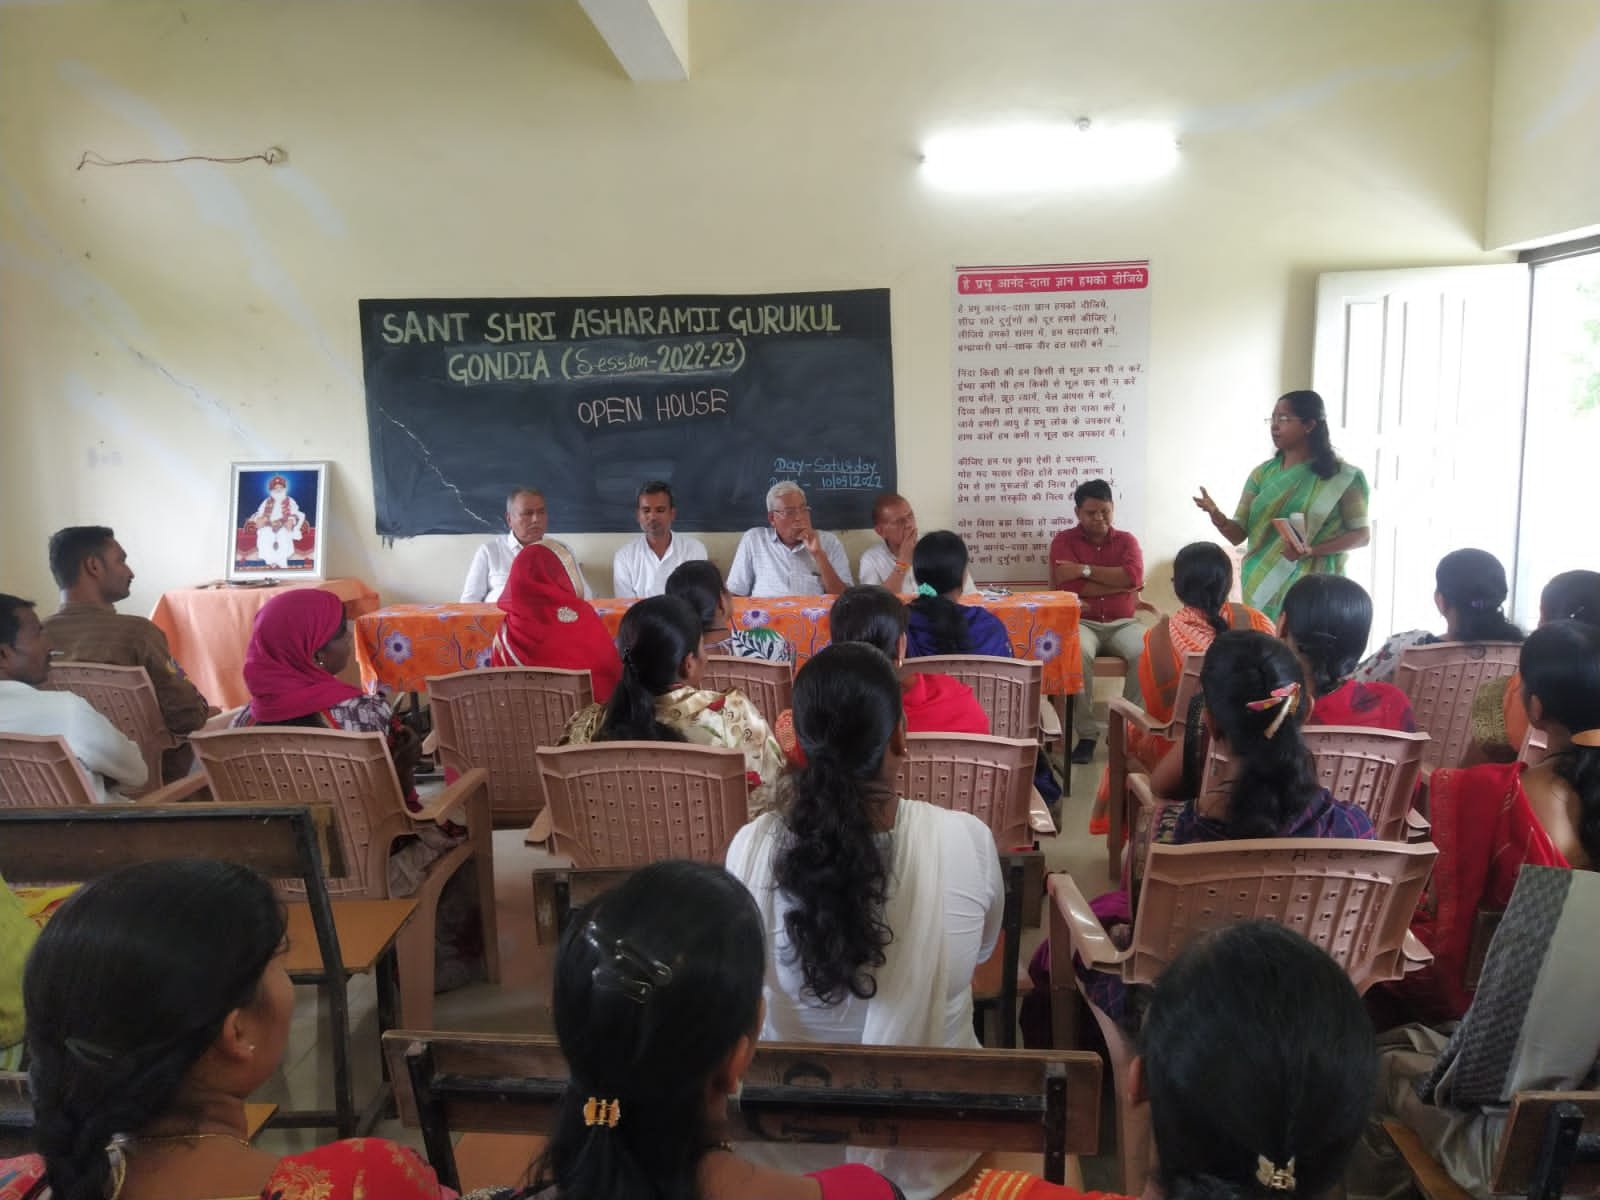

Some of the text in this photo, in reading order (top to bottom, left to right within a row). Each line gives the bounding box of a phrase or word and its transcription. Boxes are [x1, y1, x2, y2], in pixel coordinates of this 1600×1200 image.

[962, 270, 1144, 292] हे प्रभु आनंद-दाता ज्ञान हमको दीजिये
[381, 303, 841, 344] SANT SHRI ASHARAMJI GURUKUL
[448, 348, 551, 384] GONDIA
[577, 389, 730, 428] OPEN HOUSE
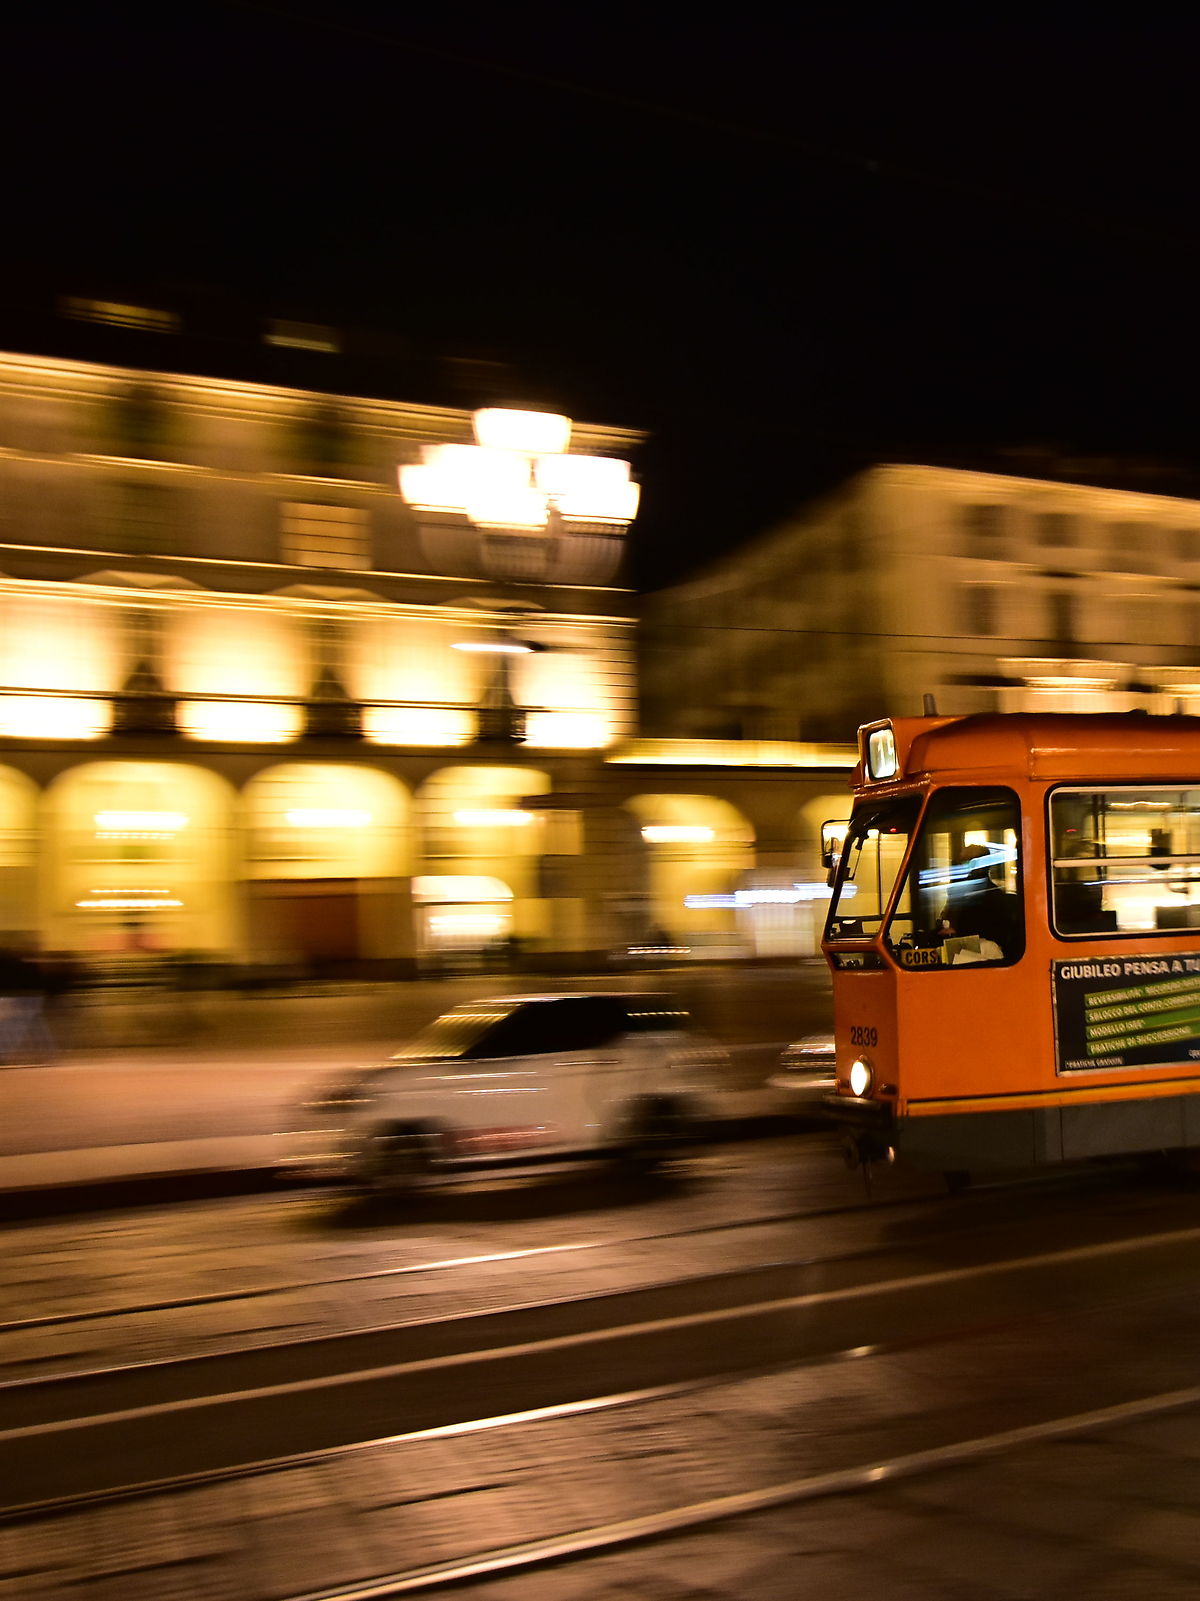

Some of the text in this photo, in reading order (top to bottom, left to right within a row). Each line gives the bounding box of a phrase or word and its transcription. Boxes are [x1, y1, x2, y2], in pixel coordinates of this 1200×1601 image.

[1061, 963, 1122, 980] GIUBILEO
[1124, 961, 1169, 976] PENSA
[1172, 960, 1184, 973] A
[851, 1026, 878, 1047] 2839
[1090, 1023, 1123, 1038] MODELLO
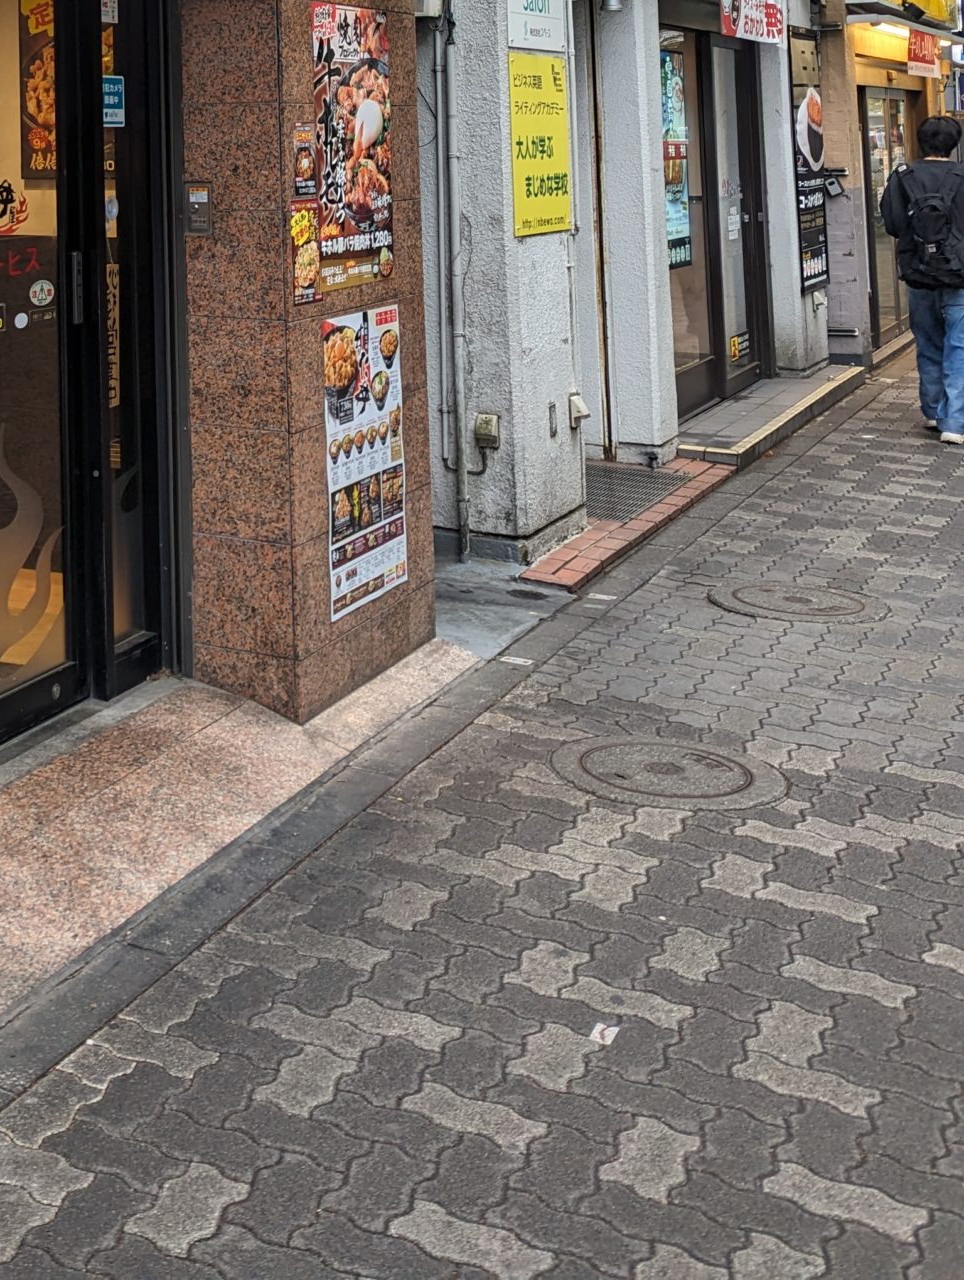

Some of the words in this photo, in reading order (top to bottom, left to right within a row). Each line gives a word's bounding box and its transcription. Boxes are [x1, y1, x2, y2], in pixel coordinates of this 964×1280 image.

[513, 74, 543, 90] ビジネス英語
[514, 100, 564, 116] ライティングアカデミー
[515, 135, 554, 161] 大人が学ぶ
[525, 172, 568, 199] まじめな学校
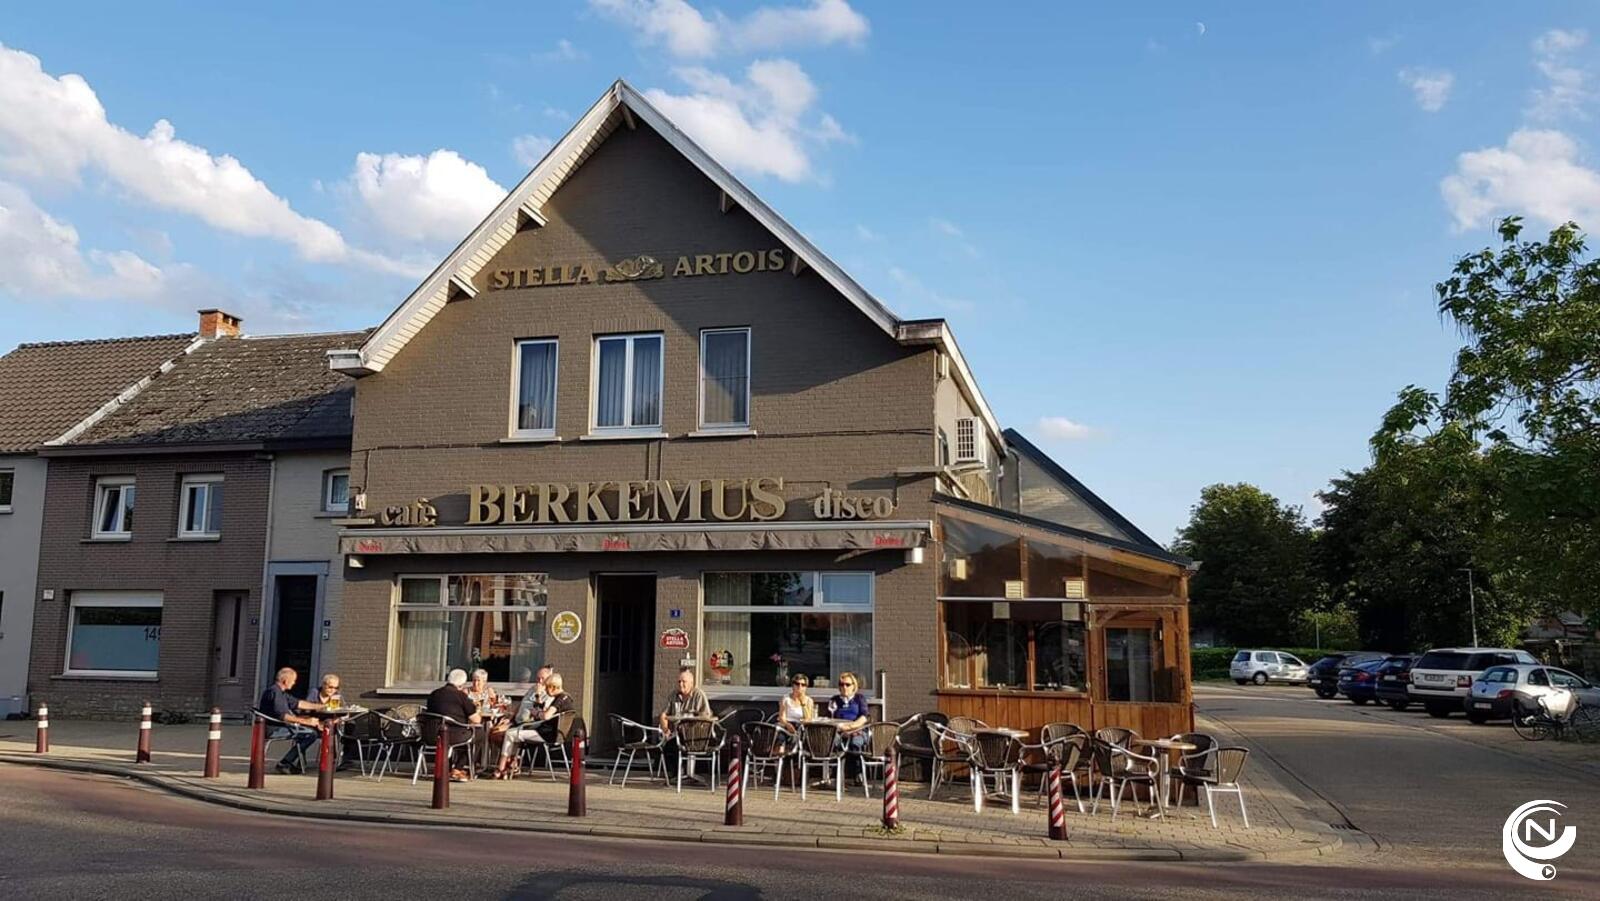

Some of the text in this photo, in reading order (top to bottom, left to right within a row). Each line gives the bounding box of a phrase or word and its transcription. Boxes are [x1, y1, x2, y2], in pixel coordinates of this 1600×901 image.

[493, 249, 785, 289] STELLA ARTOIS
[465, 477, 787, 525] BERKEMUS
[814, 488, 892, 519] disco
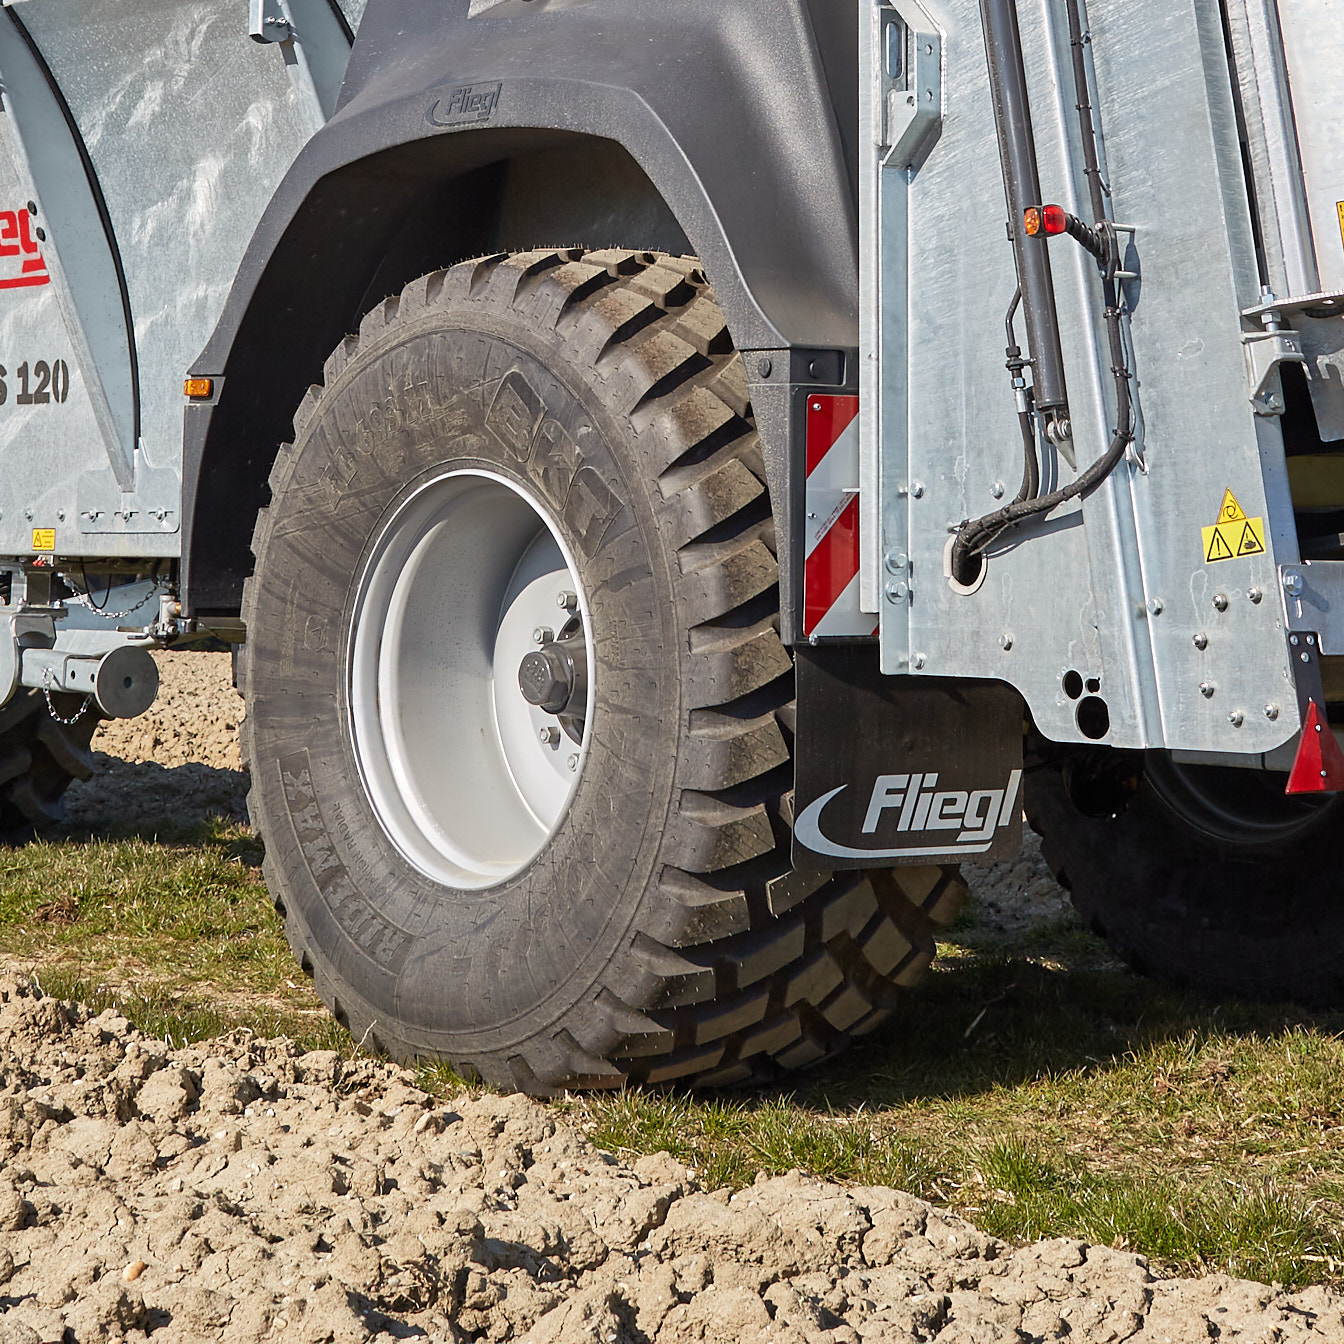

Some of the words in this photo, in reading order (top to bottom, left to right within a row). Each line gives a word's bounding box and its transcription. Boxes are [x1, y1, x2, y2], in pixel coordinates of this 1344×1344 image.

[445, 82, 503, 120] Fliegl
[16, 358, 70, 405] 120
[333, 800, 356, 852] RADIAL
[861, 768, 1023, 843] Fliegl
+-------+
Your answer should be the lines from the one that contains "this 1344×1344 image." through the last line of the material, copied exactly.

__SOLUTION__
Some of the words in this photo, in reading order (top to bottom, left to right within a row). Each line gives a word's bounding box and its transcription. Boxes are [x1, y1, x2, y2], in pixel coordinates of this 1344×1344 image.

[445, 82, 503, 120] Fliegl
[16, 358, 70, 405] 120
[333, 800, 356, 852] RADIAL
[861, 768, 1023, 843] Fliegl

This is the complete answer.